El viaje continuaba
con uno de los lugares más esperados: Venecia. Es sorprendente la construcción de más de cien
islas en medio de una ciénaga; y más
sorprendente aún es que no se trata de edificios bajos y de materiales
livianos. Son todos de tres y cuatro plantas y sus muros son de piedra,
aberturas de gruesa madera y rejas de
hierro macizo, en muchos casos corroídas por la sal.
Ni hablar de las iglesias, que las hay en
cantidad y son enormes.
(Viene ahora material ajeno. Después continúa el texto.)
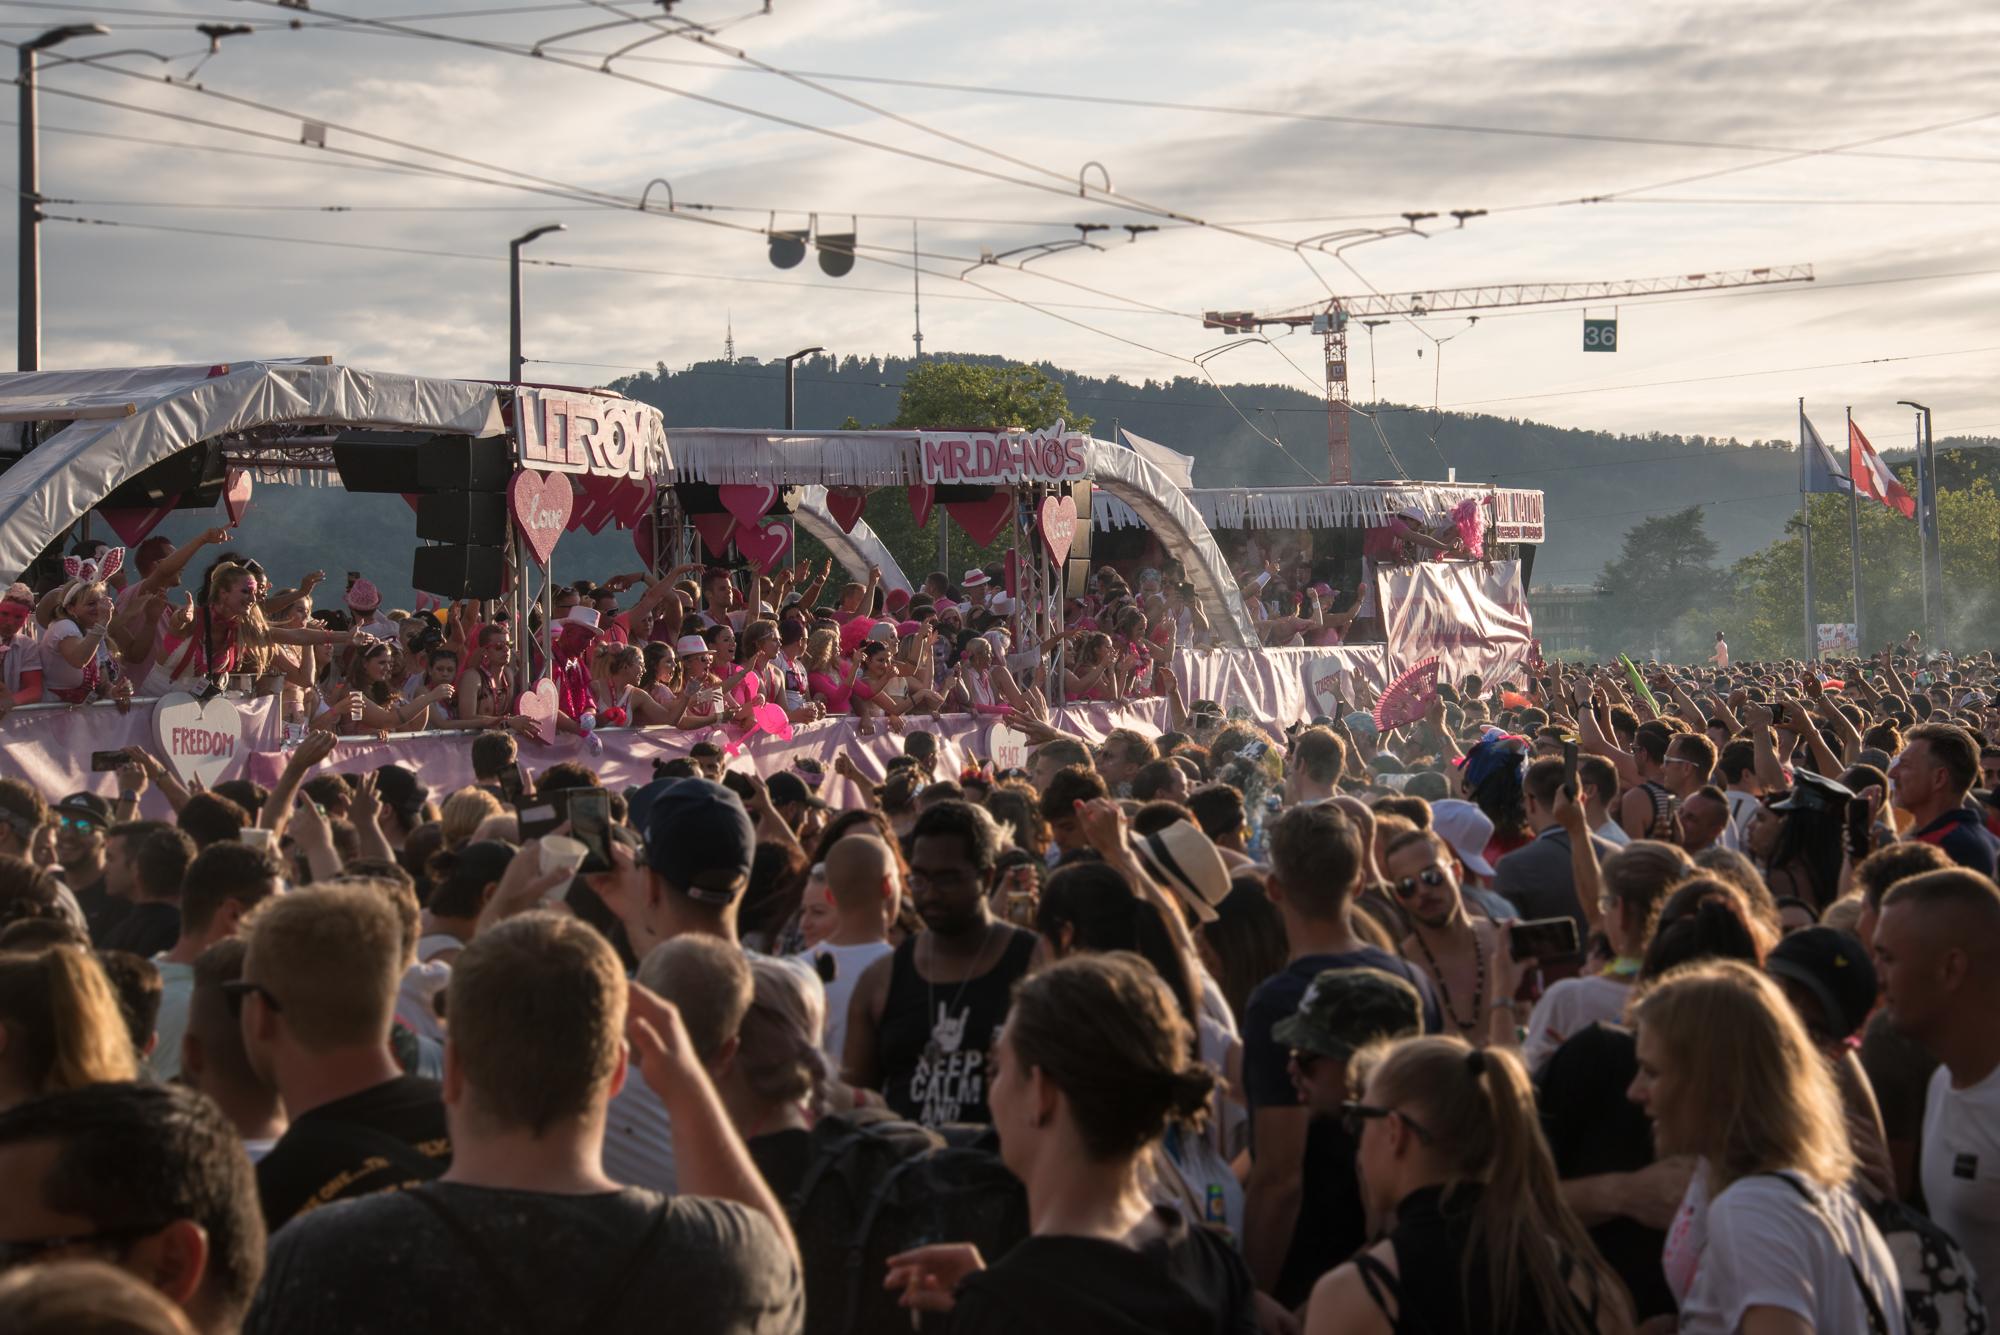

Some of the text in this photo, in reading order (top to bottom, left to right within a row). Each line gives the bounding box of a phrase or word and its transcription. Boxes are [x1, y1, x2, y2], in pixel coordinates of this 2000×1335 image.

Es cierto que las paredes se agrietan y se
desplazan, y que hay bombas de desagote que deben funcionar todo el tiempo para
que la ciudad no colapse pero ahí está, ese derroche de palacios desafiando a
la naturaleza e imponiéndose por siglos.
La Piazza
San Marco donde año tras año se realiza el famoso carnaval, es muy grande y en
su entorno conserva viejos cafés que sobreviven al pie de edificios en los que
funcionan principalmente estudios y oficinas.
Obviamente
lo más imponente es la Basílica de San Marco, recargada de ornamentos en
paredes y columnas, frescos, imágenes, y un piso decorado con mosaicos de
diferentes formas y colores que al caminarlo nos recuerda el mar por sus
marcadas ondulaciones, producto del desgaste pero esencialmente por la acción
del agua; de hecho la Piazza es la primera en sufrir los efectos de la marea
alta.
Es
tradicional el paseo en góndola; están muy bien acondicionadas y adornadas y
algunas además del clásico gondolieri con pantalón negro, remera rayada,
pañuelo al cuello y sombrero, incluyen un cantante que te garantiza no pasar
desapercibido.
Tambien están
los traghetto que no se usan con fines
turísticos y que cruzan gente de una orilla a otra de los canales evitando
tener que dar una vuelta mayor caminando.
Venecia es
alucinante y misteriosa. Recorrimos cada calle, cada puente, cada pequeño
pasaje, y el asombro nos acompañaba siempre; la admiración y la sorpresa se
hicieron habituales y coincidimos en que es un destino donde quisiéramos
volver.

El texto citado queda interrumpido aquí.